Referring expression grounding data

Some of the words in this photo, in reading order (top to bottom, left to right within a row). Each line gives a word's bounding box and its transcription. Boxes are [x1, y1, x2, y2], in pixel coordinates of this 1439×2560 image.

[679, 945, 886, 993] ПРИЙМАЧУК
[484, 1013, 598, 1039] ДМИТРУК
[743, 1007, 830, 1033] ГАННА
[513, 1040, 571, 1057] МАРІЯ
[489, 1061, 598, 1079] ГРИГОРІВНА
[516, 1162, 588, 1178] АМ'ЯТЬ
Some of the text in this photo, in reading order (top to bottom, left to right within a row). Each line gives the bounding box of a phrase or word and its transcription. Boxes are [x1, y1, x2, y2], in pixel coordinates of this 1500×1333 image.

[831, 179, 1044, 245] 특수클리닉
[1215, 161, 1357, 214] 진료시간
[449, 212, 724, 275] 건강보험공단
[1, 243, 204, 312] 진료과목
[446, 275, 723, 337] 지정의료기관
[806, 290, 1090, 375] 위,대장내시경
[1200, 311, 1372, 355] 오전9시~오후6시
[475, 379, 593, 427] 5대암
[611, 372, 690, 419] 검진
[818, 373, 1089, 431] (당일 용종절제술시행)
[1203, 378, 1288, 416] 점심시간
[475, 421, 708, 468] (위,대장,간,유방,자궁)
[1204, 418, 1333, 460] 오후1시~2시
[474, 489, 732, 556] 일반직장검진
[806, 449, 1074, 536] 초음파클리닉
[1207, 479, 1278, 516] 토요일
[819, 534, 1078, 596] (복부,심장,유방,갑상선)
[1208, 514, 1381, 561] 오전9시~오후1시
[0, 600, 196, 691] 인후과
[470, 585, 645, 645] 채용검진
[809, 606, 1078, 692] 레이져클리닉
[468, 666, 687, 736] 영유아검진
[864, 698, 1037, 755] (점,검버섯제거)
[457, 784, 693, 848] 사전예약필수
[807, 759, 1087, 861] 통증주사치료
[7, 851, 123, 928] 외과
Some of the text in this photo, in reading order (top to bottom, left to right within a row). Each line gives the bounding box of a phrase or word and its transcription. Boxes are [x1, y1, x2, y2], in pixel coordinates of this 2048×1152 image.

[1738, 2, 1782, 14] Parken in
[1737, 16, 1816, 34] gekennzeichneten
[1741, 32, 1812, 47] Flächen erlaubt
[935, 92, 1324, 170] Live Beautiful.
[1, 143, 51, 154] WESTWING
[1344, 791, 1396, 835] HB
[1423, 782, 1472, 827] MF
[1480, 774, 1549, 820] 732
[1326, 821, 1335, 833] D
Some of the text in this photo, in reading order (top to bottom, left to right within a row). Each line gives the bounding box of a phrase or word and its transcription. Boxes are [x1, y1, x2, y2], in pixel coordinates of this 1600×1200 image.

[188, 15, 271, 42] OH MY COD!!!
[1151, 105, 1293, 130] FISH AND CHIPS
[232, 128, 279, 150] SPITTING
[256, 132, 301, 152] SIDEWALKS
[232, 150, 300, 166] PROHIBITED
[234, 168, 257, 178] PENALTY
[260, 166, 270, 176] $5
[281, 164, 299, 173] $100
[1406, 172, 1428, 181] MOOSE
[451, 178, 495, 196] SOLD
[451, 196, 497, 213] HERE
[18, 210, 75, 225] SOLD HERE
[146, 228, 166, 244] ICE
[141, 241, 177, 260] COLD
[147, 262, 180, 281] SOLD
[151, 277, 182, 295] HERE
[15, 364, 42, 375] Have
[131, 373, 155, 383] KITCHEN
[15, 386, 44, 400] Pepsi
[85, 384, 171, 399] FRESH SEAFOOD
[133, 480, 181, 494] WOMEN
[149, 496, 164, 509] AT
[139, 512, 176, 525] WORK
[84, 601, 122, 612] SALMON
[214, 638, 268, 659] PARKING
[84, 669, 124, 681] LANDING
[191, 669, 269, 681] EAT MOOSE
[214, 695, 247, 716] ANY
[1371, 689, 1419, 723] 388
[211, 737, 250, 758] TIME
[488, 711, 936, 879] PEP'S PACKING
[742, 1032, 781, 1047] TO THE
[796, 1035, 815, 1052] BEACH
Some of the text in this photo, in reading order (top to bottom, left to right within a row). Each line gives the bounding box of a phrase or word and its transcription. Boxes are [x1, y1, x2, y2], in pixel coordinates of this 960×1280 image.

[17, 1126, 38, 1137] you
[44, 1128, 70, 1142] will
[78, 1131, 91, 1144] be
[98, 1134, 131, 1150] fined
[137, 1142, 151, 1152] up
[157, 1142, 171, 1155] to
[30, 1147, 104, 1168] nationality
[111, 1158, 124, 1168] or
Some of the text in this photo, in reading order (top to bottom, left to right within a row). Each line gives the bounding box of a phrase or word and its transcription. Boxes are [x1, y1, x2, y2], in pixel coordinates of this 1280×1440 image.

> [WORK REQUEST]
The complete data is to be transcribed verbatim.

> [SOLVED PROBLEM]
Some of the words in this photo, in reading order (top to bottom, left to right within a row). Each line gives a word's bounding box and its transcription. Boxes are [x1, y1, x2, y2], in pixel coordinates of this 1439×2560 image.

[679, 945, 886, 993] ПРИЙМАЧУК
[484, 1013, 598, 1039] ДМИТРУК
[743, 1007, 830, 1033] ГАННА
[513, 1040, 571, 1057] МАРІЯ
[489, 1061, 598, 1079] ГРИГОРІВНА
[516, 1162, 588, 1178] АМ'ЯТЬ
Some of the text in this photo, in reading order (top to bottom, left to right within a row). Each line gives the bounding box of a phrase or word and its transcription. Boxes are [x1, y1, x2, y2], in pixel coordinates of this 1500×1333 image.

[831, 179, 1044, 245] 특수클리닉
[1215, 161, 1357, 214] 진료시간
[449, 212, 724, 275] 건강보험공단
[1, 243, 204, 312] 진료과목
[446, 275, 723, 337] 지정의료기관
[806, 290, 1090, 375] 위,대장내시경
[1200, 311, 1372, 355] 오전9시~오후6시
[475, 379, 593, 427] 5대암
[611, 372, 690, 419] 검진
[818, 373, 1089, 431] (당일 용종절제술시행)
[1203, 378, 1288, 416] 점심시간
[475, 421, 708, 468] (위,대장,간,유방,자궁)
[1204, 418, 1333, 460] 오후1시~2시
[474, 489, 732, 556] 일반직장검진
[806, 449, 1074, 536] 초음파클리닉
[1207, 479, 1278, 516] 토요일
[819, 534, 1078, 596] (복부,심장,유방,갑상선)
[1208, 514, 1381, 561] 오전9시~오후1시
[0, 600, 196, 691] 인후과
[470, 585, 645, 645] 채용검진
[809, 606, 1078, 692] 레이져클리닉
[468, 666, 687, 736] 영유아검진
[864, 698, 1037, 755] (점,검버섯제거)
[457, 784, 693, 848] 사전예약필수
[807, 759, 1087, 861] 통증주사치료
[7, 851, 123, 928] 외과
Some of the text in this photo, in reading order (top to bottom, left to right within a row). Each line gives the bounding box of a phrase or word and its transcription. Boxes are [x1, y1, x2, y2], in pixel coordinates of this 2048×1152 image.

[1738, 2, 1782, 14] Parken in
[1737, 16, 1816, 34] gekennzeichneten
[1741, 32, 1812, 47] Flächen erlaubt
[935, 92, 1324, 170] Live Beautiful.
[1, 143, 51, 154] WESTWING
[1344, 791, 1396, 835] HB
[1423, 782, 1472, 827] MF
[1480, 774, 1549, 820] 732
[1326, 821, 1335, 833] D
Some of the text in this photo, in reading order (top to bottom, left to right within a row). Each line gives the bounding box of a phrase or word and its transcription. Boxes are [x1, y1, x2, y2], in pixel coordinates of this 1600×1200 image.

[188, 15, 271, 42] OH MY COD!!!
[1151, 105, 1293, 130] FISH AND CHIPS
[232, 128, 279, 150] SPITTING
[256, 132, 301, 152] SIDEWALKS
[232, 150, 300, 166] PROHIBITED
[234, 168, 257, 178] PENALTY
[260, 166, 270, 176] $5
[281, 164, 299, 173] $100
[1406, 172, 1428, 181] MOOSE
[451, 178, 495, 196] SOLD
[451, 196, 497, 213] HERE
[18, 210, 75, 225] SOLD HERE
[146, 228, 166, 244] ICE
[141, 241, 177, 260] COLD
[147, 262, 180, 281] SOLD
[151, 277, 182, 295] HERE
[15, 364, 42, 375] Have
[131, 373, 155, 383] KITCHEN
[15, 386, 44, 400] Pepsi
[85, 384, 171, 399] FRESH SEAFOOD
[133, 480, 181, 494] WOMEN
[149, 496, 164, 509] AT
[139, 512, 176, 525] WORK
[84, 601, 122, 612] SALMON
[214, 638, 268, 659] PARKING
[84, 669, 124, 681] LANDING
[191, 669, 269, 681] EAT MOOSE
[214, 695, 247, 716] ANY
[1371, 689, 1419, 723] 388
[211, 737, 250, 758] TIME
[488, 711, 936, 879] PEP'S PACKING
[742, 1032, 781, 1047] TO THE
[796, 1035, 815, 1052] BEACH
Some of the text in this photo, in reading order (top to bottom, left to right within a row). Each line gives the bounding box of a phrase or word and its transcription. Boxes are [x1, y1, x2, y2], in pixel coordinates of this 960×1280 image.

[17, 1126, 38, 1137] you
[44, 1128, 70, 1142] will
[78, 1131, 91, 1144] be
[98, 1134, 131, 1150] fined
[137, 1142, 151, 1152] up
[157, 1142, 171, 1155] to
[30, 1147, 104, 1168] nationality
[111, 1158, 124, 1168] or
Some of the text in this photo, in reading order (top to bottom, left to right within a row). Each line gives the bounding box of a phrase or word and its transcription. Boxes are [x1, y1, x2, y2], in pixel coordinates of this 1280×1440 image.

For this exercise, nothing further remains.